RK: Let’s put it right for our people. It is much less burdensome for you to pay insurance premium and collect when a problem occurs than to run around fundraising for health from people for you to recover when a challenge comes.
KE: I agree but let’s look at our culture. If you are fundraising for a wedding, you will get very many people, try and fundraise for a house and see how far you will get. That is why nobody is fundraising for a house, nobody is going to come to you. That is how our culture works.
But there is pride in standing on one’s only two feet, isn’t there?
RK: There is. But also even the prudence of it; being able to protect what you have sweated for to acquire.
KE: So those are like the must haves. And then there are the good to haves. They are so many.
The life policy fortunately covers you for accidents. But if you are like me and you have kids in school who need laptops, the kids will always drop and break them. you know the price of a laptop. I don’t want to be paying for a laptop in a year or two years.
But for UGX 100,000, that laptop is insured and it is replaced. Instead of having to pay another UGX 1M, I will only pay UGX 100,000 and it will be done. Those are good to have.
RK: Talk about motor vehicles.
KE: First all there is own damage, that means your own car can get damaged. The second is a third party. You might hit someone’s expensive car, and you have to find that money.
When you buy motor vehicle insurance, it automatically covers own damage. The damage to your own car. But the third party limits might be low. We must realise that we are driving with a lot of people with expensive cars. Any cost of damage to such a car is quite high. The good news is covering the damage to such a car is not that expensive. You should insure your vehicle including high limits on third party damage in case it’s your fault.
The other thing that often makes you recoup your money is the windscreen. I get a windscreen crack at least once a year, my insurance premium has always come back on windscreen premiums because I tend to change it at least once a year and it costs quite a bit.
Own damage is critical and make sure your 3rd party limits are up there.

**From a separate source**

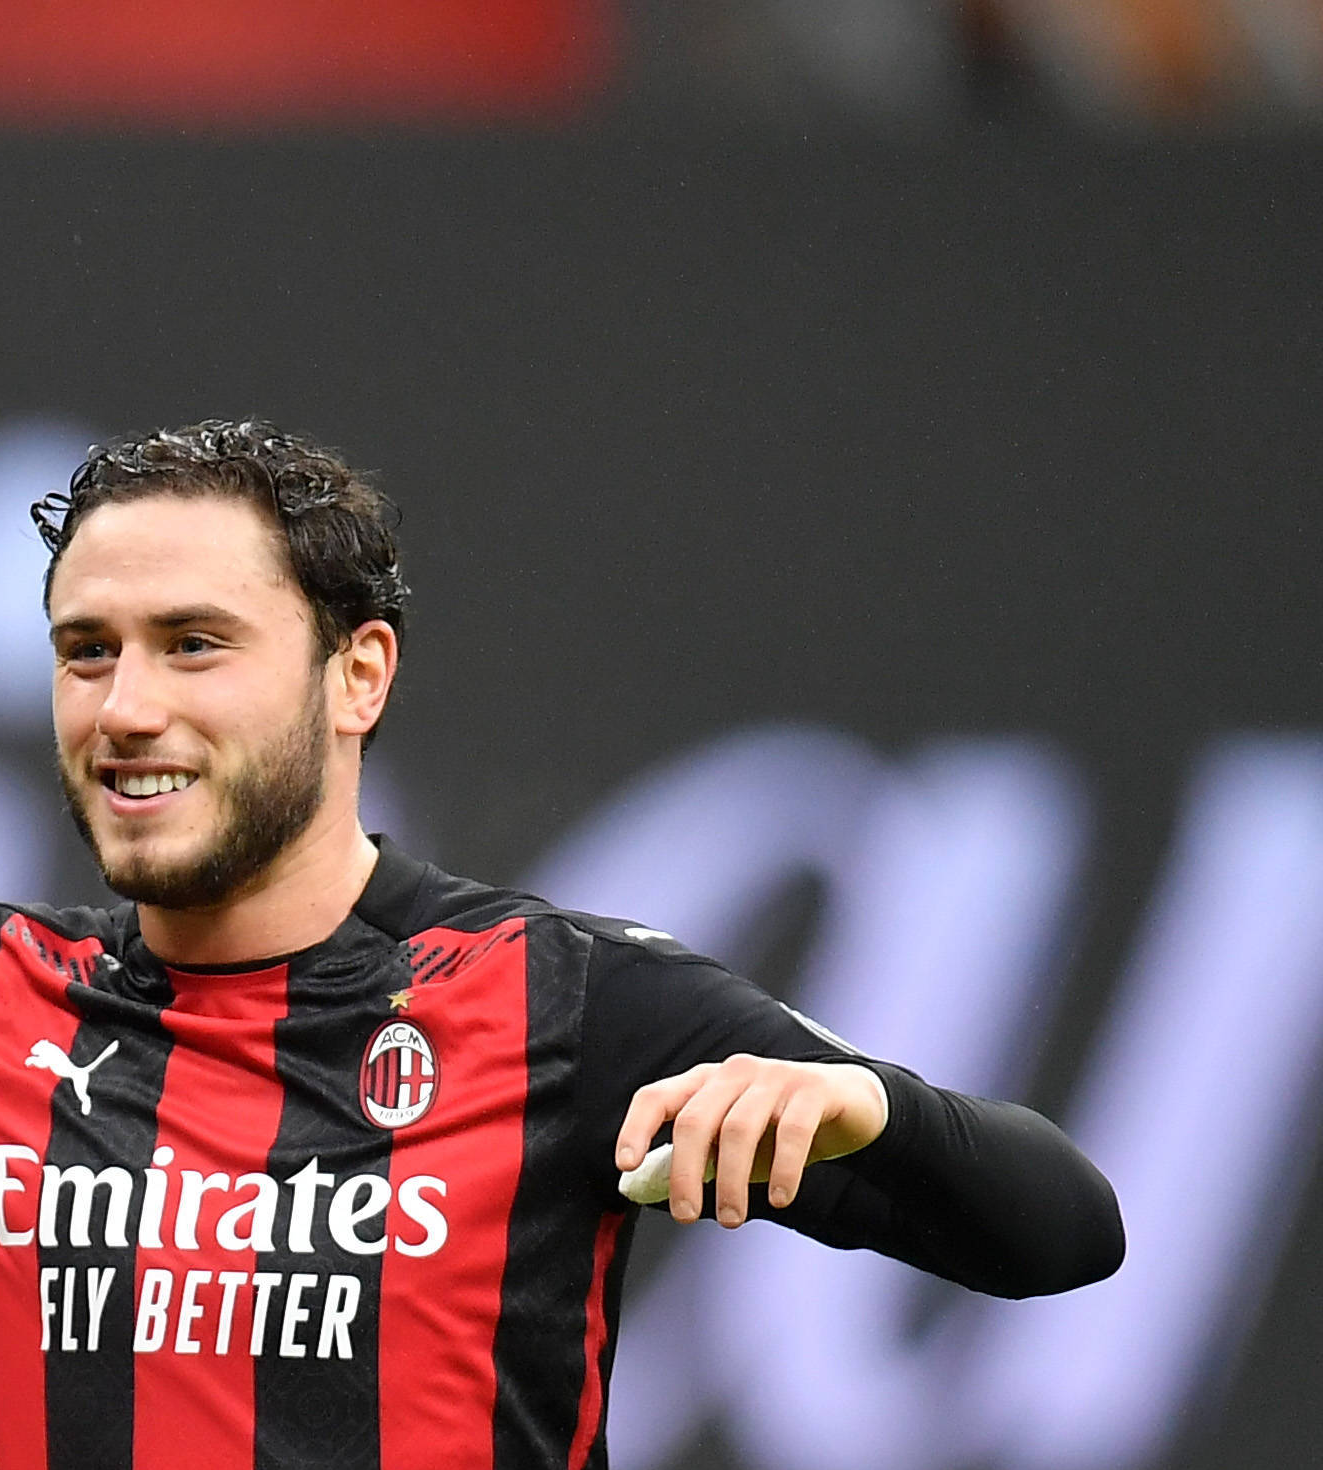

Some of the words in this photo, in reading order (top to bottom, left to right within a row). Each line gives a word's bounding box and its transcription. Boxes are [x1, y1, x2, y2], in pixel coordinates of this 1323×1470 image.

[378, 1026, 423, 1050] ACM
[39, 1266, 116, 1352] FLY
[131, 1267, 362, 1360] BETTER
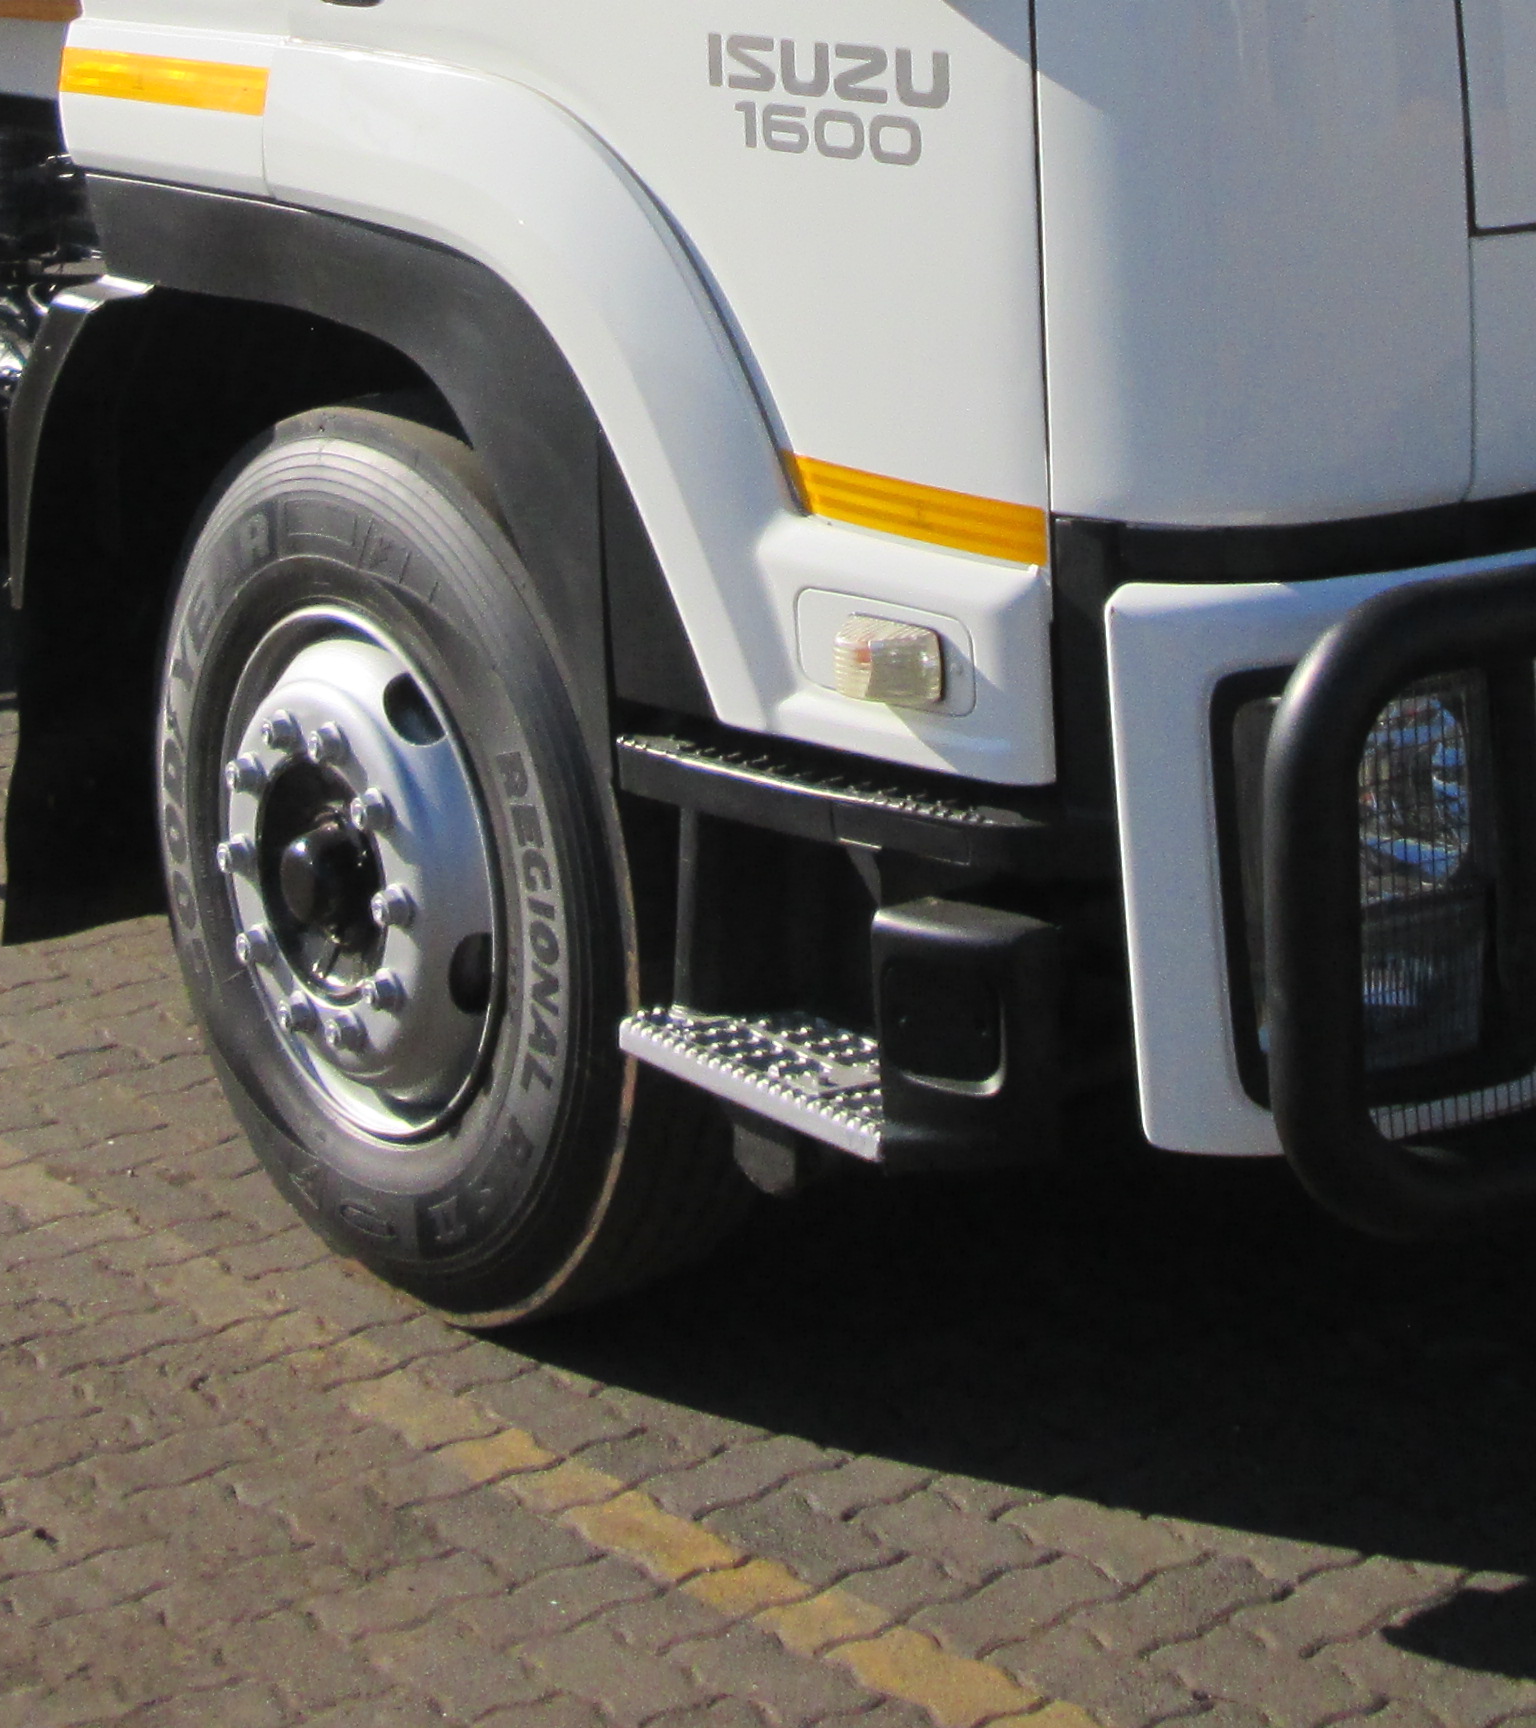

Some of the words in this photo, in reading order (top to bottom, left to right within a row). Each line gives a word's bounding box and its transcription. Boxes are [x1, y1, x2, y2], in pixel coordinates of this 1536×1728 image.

The other critical thing is that it included towing charges. Finally, you might consider getting a policy that allows you to get another car while yours is being fixed. That is also an option and it is available in Uganda.
RK: I didn’t know that. What would you say to the entrepreneurs here about insurance?
KE: First of all, I am going to assume they are service businesses. The first thing is that you must take care of your people. Once you take care of the people, they will take care of the business because you are aware. Downtime when workers are not there, will affect you. So it is important to make sure that they have those medical covers. It is not a rule to have, it is a must have if you expect full activity out of them.
A business can have challenges surviving if you are not there. You are the vision bearer. And to hire such as you have to run such a business might become more expensive than you working there.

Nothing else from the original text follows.